======== RECORD EXTRACTS
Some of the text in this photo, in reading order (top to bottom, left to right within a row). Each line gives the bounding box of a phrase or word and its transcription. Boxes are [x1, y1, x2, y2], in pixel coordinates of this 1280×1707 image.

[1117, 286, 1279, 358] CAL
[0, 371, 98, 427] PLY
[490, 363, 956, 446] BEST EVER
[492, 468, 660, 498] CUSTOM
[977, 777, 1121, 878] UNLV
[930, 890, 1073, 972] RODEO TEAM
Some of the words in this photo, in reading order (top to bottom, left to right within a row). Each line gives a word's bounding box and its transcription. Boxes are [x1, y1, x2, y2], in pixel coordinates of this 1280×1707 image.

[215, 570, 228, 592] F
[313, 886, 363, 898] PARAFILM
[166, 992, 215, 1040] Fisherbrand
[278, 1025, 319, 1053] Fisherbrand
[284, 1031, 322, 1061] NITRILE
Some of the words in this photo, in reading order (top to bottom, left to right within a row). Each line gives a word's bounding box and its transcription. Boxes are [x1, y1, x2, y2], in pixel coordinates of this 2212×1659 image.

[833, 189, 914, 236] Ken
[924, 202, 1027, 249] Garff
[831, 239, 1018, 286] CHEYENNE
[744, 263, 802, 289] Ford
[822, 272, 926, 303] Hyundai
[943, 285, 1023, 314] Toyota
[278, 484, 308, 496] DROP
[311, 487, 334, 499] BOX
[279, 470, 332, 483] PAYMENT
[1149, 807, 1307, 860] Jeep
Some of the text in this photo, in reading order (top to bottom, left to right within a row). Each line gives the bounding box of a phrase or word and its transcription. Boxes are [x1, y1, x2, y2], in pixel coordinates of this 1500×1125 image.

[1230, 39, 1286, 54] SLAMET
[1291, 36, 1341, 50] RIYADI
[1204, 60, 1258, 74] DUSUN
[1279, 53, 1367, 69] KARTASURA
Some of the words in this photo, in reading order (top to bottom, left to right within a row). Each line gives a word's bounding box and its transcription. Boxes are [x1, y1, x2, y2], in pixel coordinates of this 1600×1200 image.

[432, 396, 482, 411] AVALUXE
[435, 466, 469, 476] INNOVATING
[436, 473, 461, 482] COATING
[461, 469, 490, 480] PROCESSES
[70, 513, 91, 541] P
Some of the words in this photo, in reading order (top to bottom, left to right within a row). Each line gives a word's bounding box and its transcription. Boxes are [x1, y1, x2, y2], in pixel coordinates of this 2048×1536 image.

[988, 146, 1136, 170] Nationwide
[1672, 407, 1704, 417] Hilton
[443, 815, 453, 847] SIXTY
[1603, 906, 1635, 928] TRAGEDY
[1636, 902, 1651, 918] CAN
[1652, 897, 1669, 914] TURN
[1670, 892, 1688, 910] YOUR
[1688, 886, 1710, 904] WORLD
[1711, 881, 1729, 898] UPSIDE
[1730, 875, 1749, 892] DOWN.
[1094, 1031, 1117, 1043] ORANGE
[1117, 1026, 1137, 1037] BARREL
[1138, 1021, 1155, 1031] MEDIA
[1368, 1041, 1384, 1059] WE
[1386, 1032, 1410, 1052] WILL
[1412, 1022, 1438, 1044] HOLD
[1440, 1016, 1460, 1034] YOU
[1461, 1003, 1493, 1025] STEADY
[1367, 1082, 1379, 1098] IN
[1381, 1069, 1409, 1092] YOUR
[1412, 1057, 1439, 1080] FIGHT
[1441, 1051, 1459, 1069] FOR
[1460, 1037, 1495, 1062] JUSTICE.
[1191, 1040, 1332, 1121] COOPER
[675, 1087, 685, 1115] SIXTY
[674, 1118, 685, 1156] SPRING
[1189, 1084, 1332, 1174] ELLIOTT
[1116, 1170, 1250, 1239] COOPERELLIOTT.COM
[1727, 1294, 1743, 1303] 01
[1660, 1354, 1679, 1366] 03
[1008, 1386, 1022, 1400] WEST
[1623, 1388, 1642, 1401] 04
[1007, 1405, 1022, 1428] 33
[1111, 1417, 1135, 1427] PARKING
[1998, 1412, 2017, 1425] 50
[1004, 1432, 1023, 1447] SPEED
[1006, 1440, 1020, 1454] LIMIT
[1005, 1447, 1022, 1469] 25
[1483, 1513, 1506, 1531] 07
================
After locating the line containing "this 1600×1200 image.", give that line and every later line of the listing again exactly, up to and including the last.

Some of the words in this photo, in reading order (top to bottom, left to right within a row). Each line gives a word's bounding box and its transcription. Boxes are [x1, y1, x2, y2], in pixel coordinates of this 1600×1200 image.

[432, 396, 482, 411] AVALUXE
[435, 466, 469, 476] INNOVATING
[436, 473, 461, 482] COATING
[461, 469, 490, 480] PROCESSES
[70, 513, 91, 541] P
Some of the words in this photo, in reading order (top to bottom, left to right within a row). Each line gives a word's bounding box and its transcription. Boxes are [x1, y1, x2, y2], in pixel coordinates of this 2048×1536 image.

[988, 146, 1136, 170] Nationwide
[1672, 407, 1704, 417] Hilton
[443, 815, 453, 847] SIXTY
[1603, 906, 1635, 928] TRAGEDY
[1636, 902, 1651, 918] CAN
[1652, 897, 1669, 914] TURN
[1670, 892, 1688, 910] YOUR
[1688, 886, 1710, 904] WORLD
[1711, 881, 1729, 898] UPSIDE
[1730, 875, 1749, 892] DOWN.
[1094, 1031, 1117, 1043] ORANGE
[1117, 1026, 1137, 1037] BARREL
[1138, 1021, 1155, 1031] MEDIA
[1368, 1041, 1384, 1059] WE
[1386, 1032, 1410, 1052] WILL
[1412, 1022, 1438, 1044] HOLD
[1440, 1016, 1460, 1034] YOU
[1461, 1003, 1493, 1025] STEADY
[1367, 1082, 1379, 1098] IN
[1381, 1069, 1409, 1092] YOUR
[1412, 1057, 1439, 1080] FIGHT
[1441, 1051, 1459, 1069] FOR
[1460, 1037, 1495, 1062] JUSTICE.
[1191, 1040, 1332, 1121] COOPER
[675, 1087, 685, 1115] SIXTY
[674, 1118, 685, 1156] SPRING
[1189, 1084, 1332, 1174] ELLIOTT
[1116, 1170, 1250, 1239] COOPERELLIOTT.COM
[1727, 1294, 1743, 1303] 01
[1660, 1354, 1679, 1366] 03
[1008, 1386, 1022, 1400] WEST
[1623, 1388, 1642, 1401] 04
[1007, 1405, 1022, 1428] 33
[1111, 1417, 1135, 1427] PARKING
[1998, 1412, 2017, 1425] 50
[1004, 1432, 1023, 1447] SPEED
[1006, 1440, 1020, 1454] LIMIT
[1005, 1447, 1022, 1469] 25
[1483, 1513, 1506, 1531] 07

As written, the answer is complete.